------ Material provided

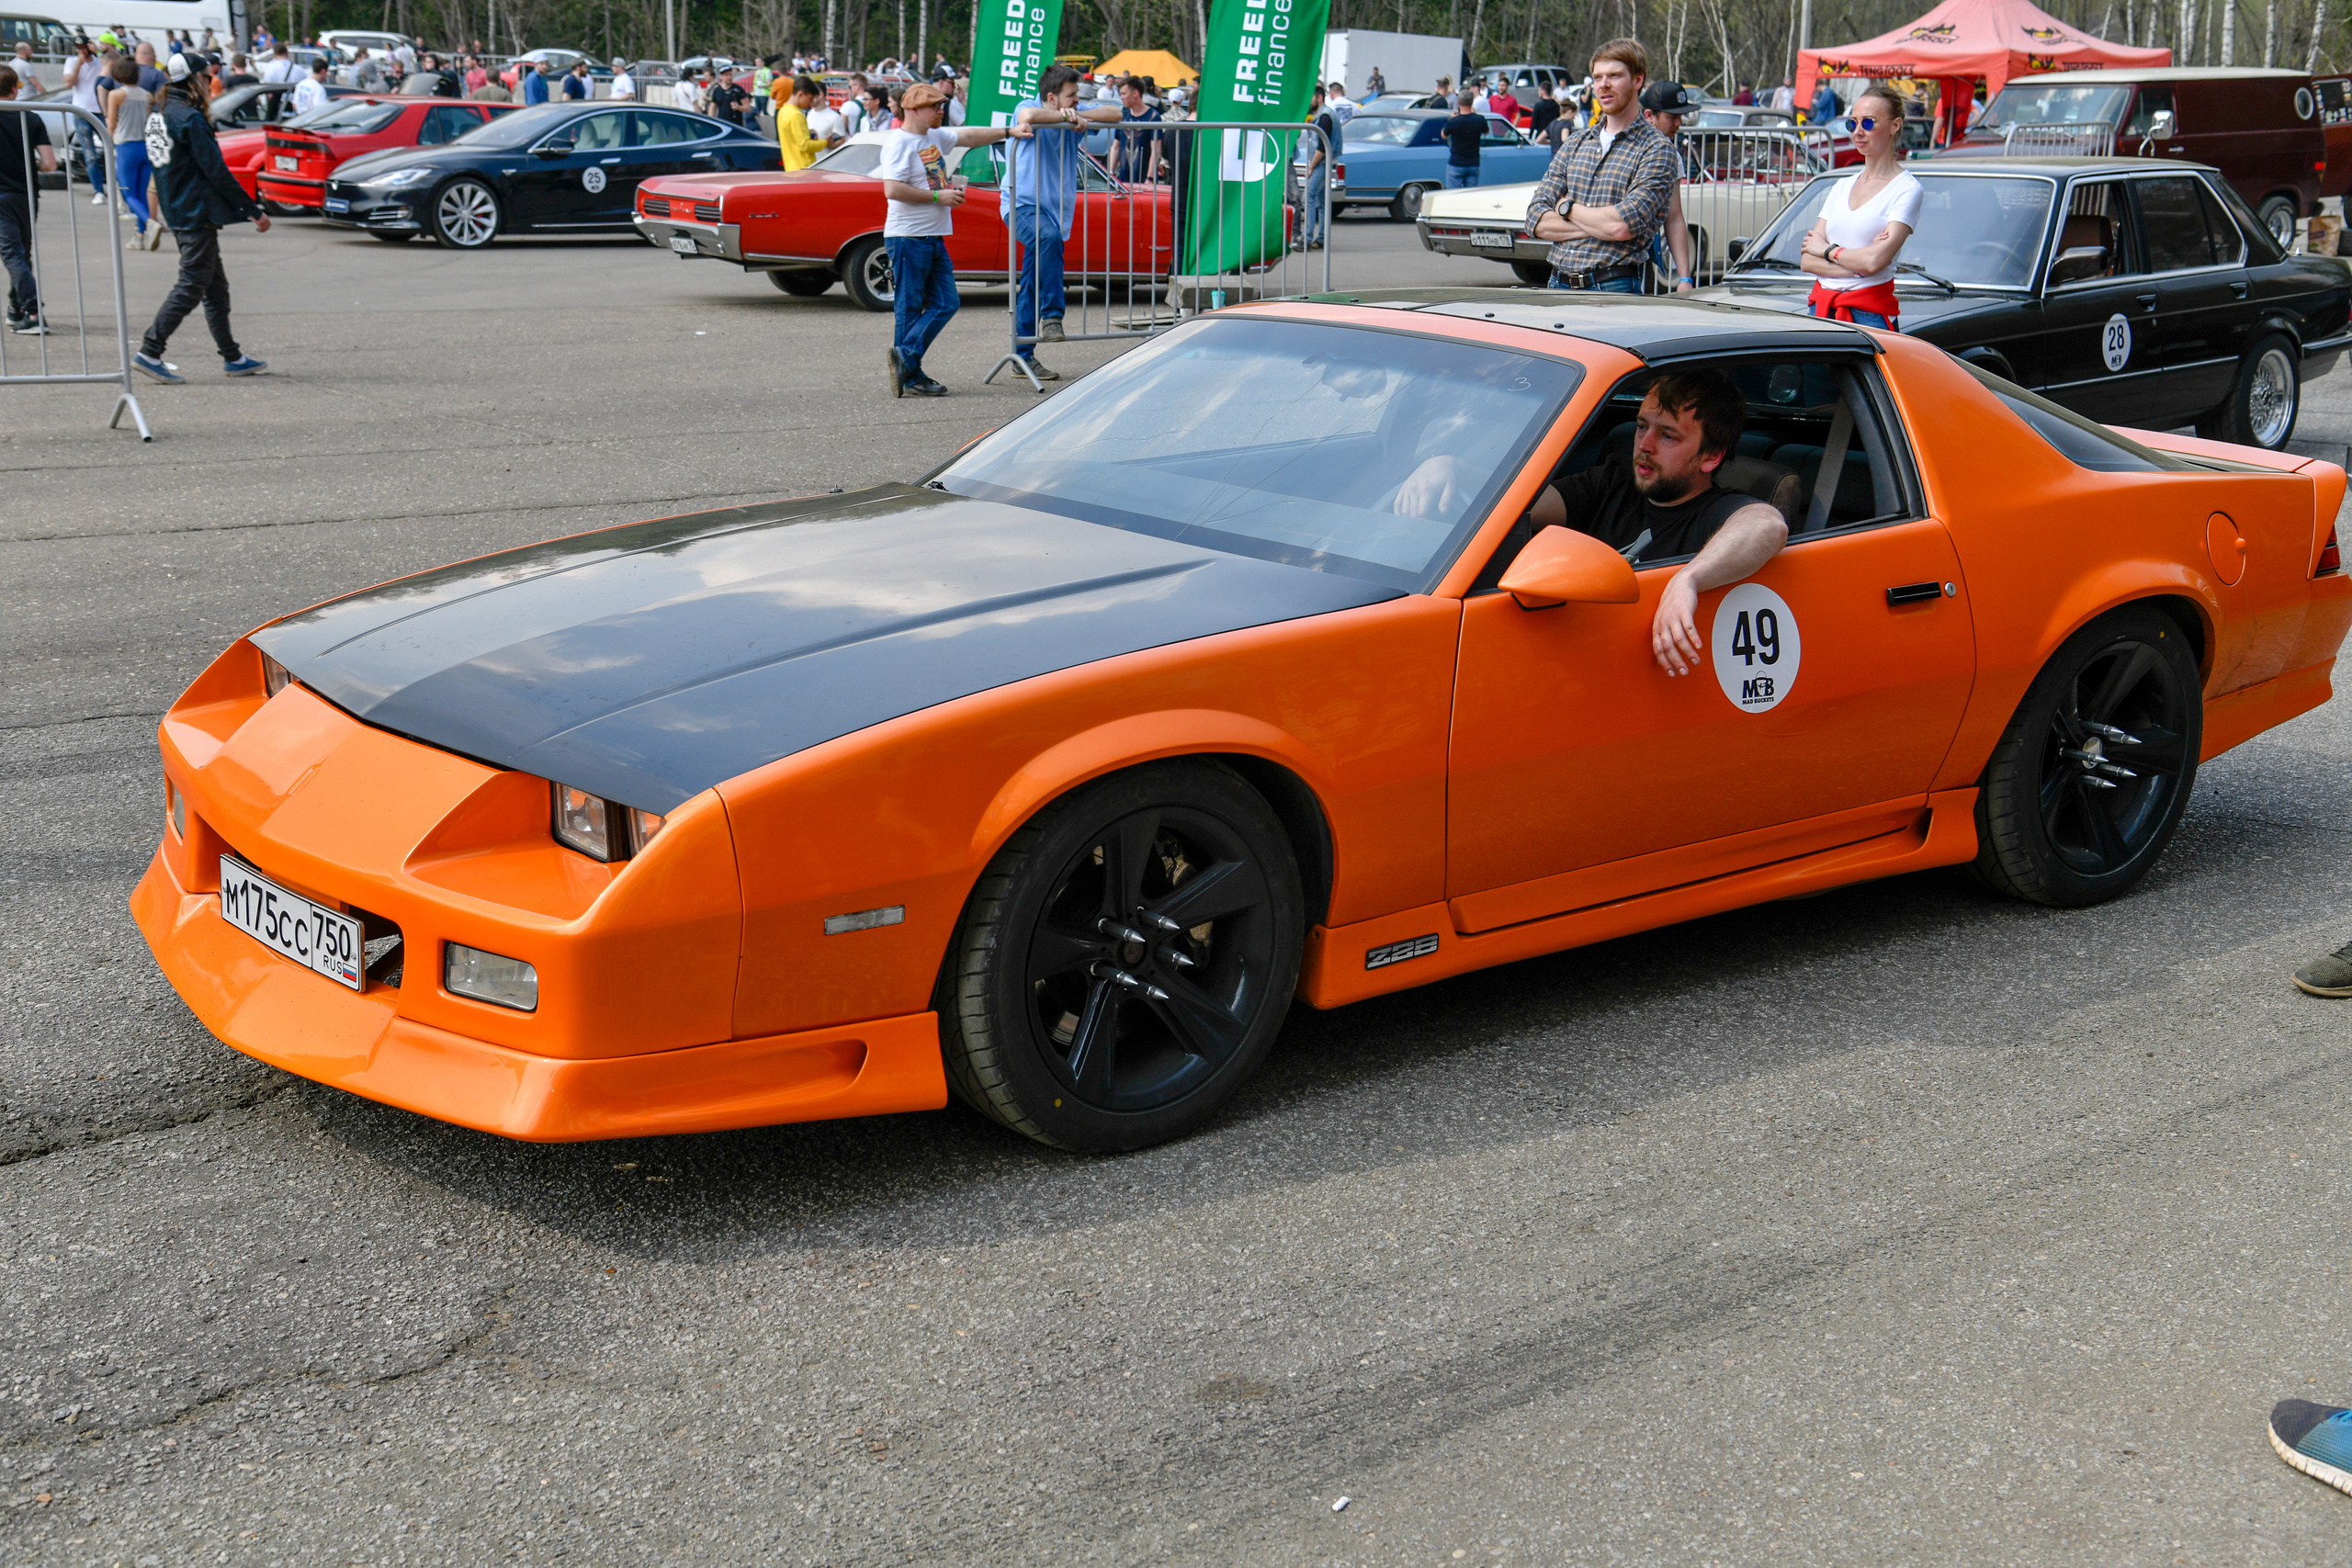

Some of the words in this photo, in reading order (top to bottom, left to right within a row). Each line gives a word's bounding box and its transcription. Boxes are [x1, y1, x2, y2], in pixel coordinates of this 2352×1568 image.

[1019, 7, 1045, 98] finance
[1258, 0, 1292, 105] finance
[588, 172, 601, 184] 25
[2109, 324, 2124, 351] 28
[1732, 608, 1781, 666] 49
[312, 910, 351, 962] 750
[1366, 933, 1439, 969] Z28
[323, 954, 343, 975] RUS

------------

Word for word, write out each line of the records, but leave the pictures behind.

Some of the words in this photo, in reading order (top to bottom, left to right within a row). Each line gives a word's bounding box and its transcription. Boxes are [x1, y1, x2, y2], in pixel coordinates of this 2352×1568 image.

[1019, 7, 1045, 98] finance
[1258, 0, 1292, 105] finance
[588, 172, 601, 184] 25
[2109, 324, 2124, 351] 28
[1732, 608, 1781, 666] 49
[312, 910, 351, 962] 750
[1366, 933, 1439, 969] Z28
[323, 954, 343, 975] RUS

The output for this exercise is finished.